Tensor-network toolbox for probing dynamics of non-Abelian gauge theories
Emil Mathew, Navya Gupta, Saurabh V. Kadam, Aniruddha Bapat, Jesse, Stryker, Zohreh Davoudi, and Indrakshi Raychowdhury

TL;DR
This paper introduces a tensor-network toolbox for simulating non-Abelian gauge theories, specifically SU(2), using matrix-product states, enabling the study of their dynamics and static properties in one spatial dimension.
Contribution
It develops and benchmarks a matrix-product-state ansatz for SU(2) lattice gauge theory using the loop-string-hadron formulation, applicable to various gauge groups and boundary conditions.
Findings
Successfully computed static observables in SU(2) (1+1)D.
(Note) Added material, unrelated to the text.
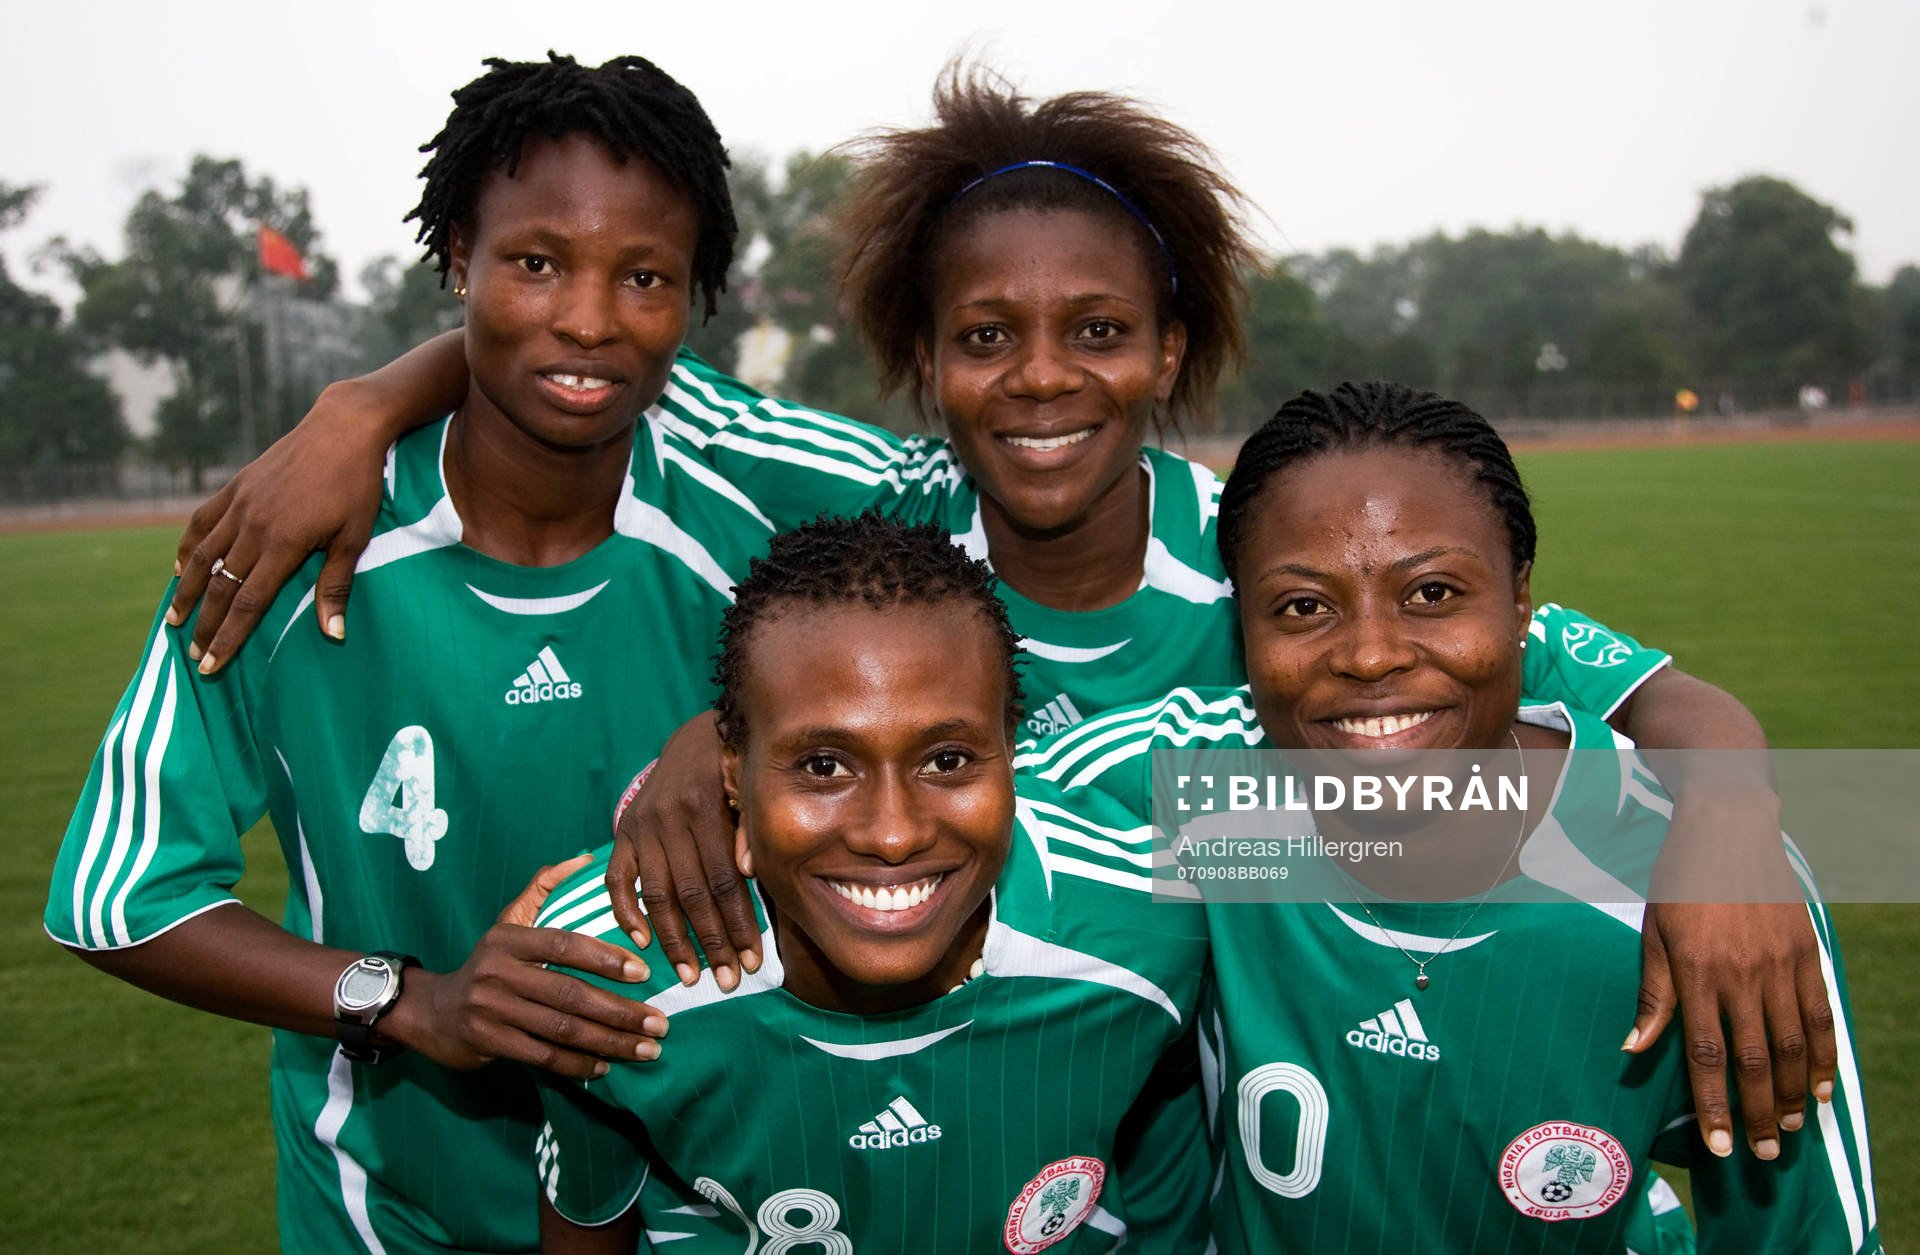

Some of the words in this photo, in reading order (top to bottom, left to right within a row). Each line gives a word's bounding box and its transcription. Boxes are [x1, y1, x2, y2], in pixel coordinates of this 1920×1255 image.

Demonstrated progress in dynamical simulations of non-Abelian gauge theories.
Extended the boundary of existing tensor-network studies in gauge theories.
Abstract
Tensor-network methods enable probing dynamics of strongly interacting quantum many-body systems, including gauge theories, via Hamiltonian simulation, hence bypassing sign problems. They also have the potential to inform efficient quantum-simulation algorithms of the same theories. We develop and benchmark a matrix-product-state ansatz for the SU(2) lattice gauge theory using the loop-string-hadron formulation. This formulation has been demonstrated to be advantageous in Hamiltonian simulation of non-Abelian gauge theories. It is applicable to both SU(2) and SU(3) gauge groups, to periodic and open boundary conditions, and to 1+1 and higher dimensions. In this work, we report on progress in computing static and dynamical observables in a SU(2) gauge theory in (1+1)D, pushing the boundary of existing studies.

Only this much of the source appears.